Given the alarming escalation of violence in Rakhine, the obvious reluctance of the Association of Southeast Asian Nations to become more substantially involved is increasingly untenable. This is particularly so when you consider that the bloc’s charter underlines “respect for and protection of human rights and fundamental freedoms”.

Fortunately, voices for a more pro-active strategy are becoming stronger.

Mr Eric Paulsen, Malaysia’s representative on the ASEAN Intergovernmental Commission on Human Rights, recently said that the regional grouping is at risk of becoming a bystander while the resolution to the Rohingya crisis is sought elsewhere. He said ASEAN’s current humanitarian support coupled with quiet diplomacy was ineffective and urged the regional grouping to show strong political will and commitment to a strategy to address the underlying causes.

In an article in The Diplomat in March, former Thai foreign minister Mr Kasit Piromya said ASEAN’s efforts to facilitate and promote the repatriation of Rohingya refugees were “rushed and one-sided”. He also concluded that ASEAN was “totally embracing Myanmar’s narrative” on the situation in Rakhine. Thailand’s political opposition has also indicated that a more effective strategy is needed.

ASEAN members have been providing support for Myanmar’s stated plans to repatriate the Rohingya refugees in Bangladesh. But the situation in Rakhine is now such that repatriation is impossible, while the Rohingya do not want to return without guarantees for their rights and safety.

It makes no sense to repatriate them without tackling the underlying causes of their enforced deportation. As seen since the late 1970s, returning Rohingya against their will leads to an unsustainable “revolving door” policy. 

The humanitarian support provided by ASEAN and its members is welcome but will be wasted unless their engagement is broadened to include assistance to deal with the root causes of the Rakhine crisis, including the situation of the Rohingya.

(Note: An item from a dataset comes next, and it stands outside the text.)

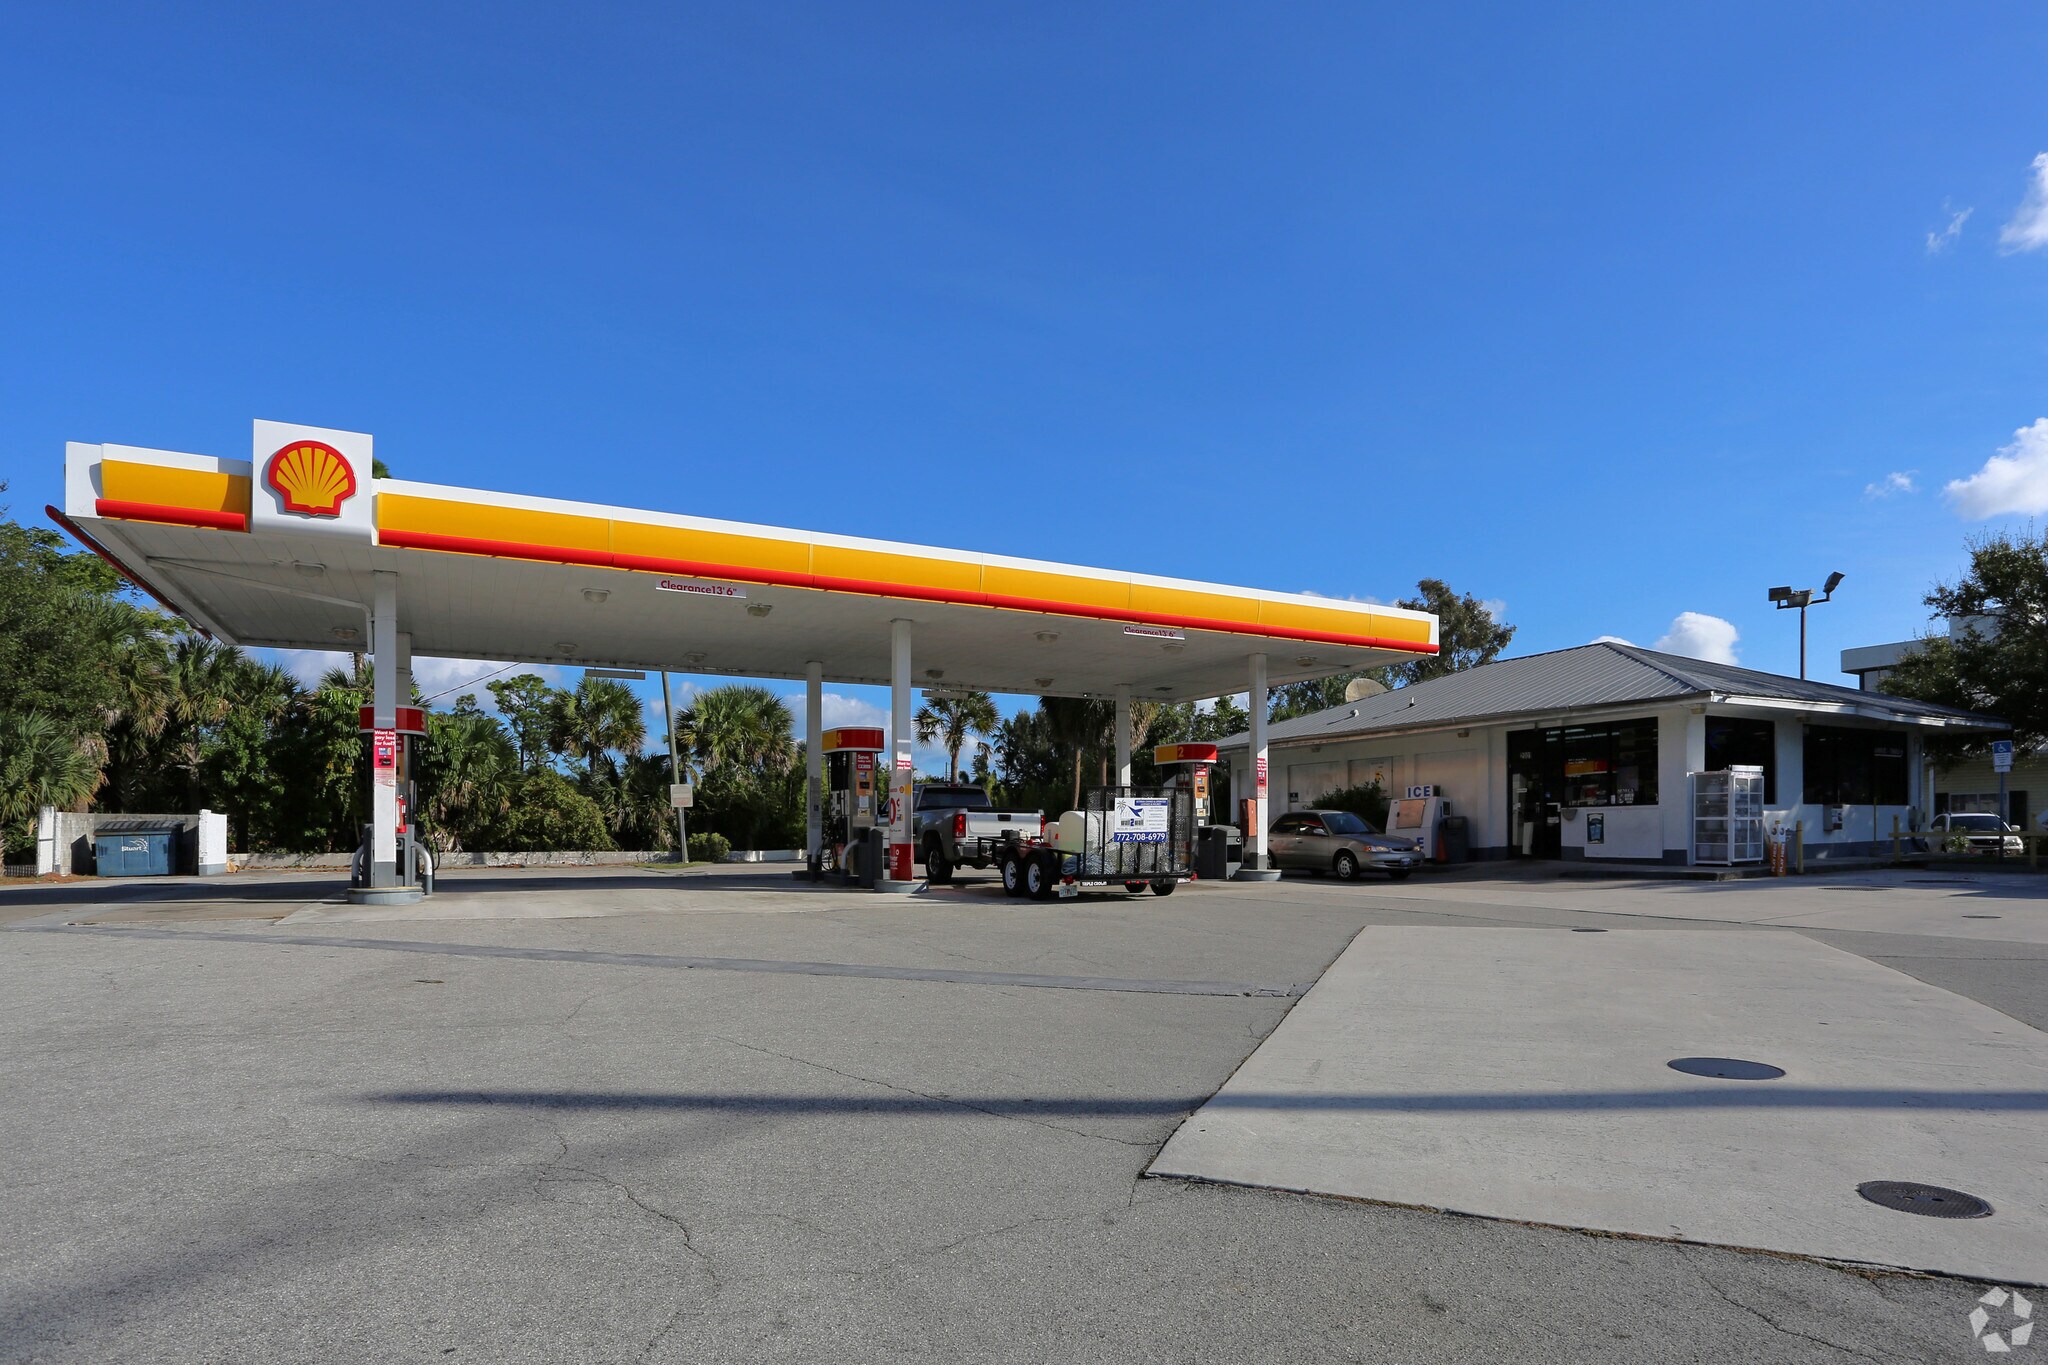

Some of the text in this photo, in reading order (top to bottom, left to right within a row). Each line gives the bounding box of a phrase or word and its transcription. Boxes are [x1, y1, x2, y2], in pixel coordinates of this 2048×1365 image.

[1177, 746, 1184, 758] 2
[1407, 785, 1431, 798] ICE
[1116, 832, 1166, 841] 772-708-6979

If the bloc does not help Myanmar tackle the root causes of the crisis, the situation will only get worse. Taking steps towards the equal treatment of all who call Rakhine home, dismantling the apartheid state, restoring citizenship rights and ensuring accountability of those responsible for atrocities will be a major contribution to maintaining and enhancing regional peace, security and stability – issues that are part of ASEAN’s core mandate.

As COVID-19 consumes the attention of ASEAN’s leaders, let them not forget that the time to assist Myanmar is now.

First, they should use their influence to obtain a ceasefire in Rakhine, as well as ensuring the provision of immediate humanitarian access to all communities. The present chaos and humanitarian disaster are appalling and the consequences are rippling across national borders.

Secondly, they should use their good offices to help find a negotiated solution, one that takes account of the deeply felt grievances of all communities and uses the widely supported recommendations by the Advisory Commission on Rakhine State to ensure a peaceful and prosperous future for all.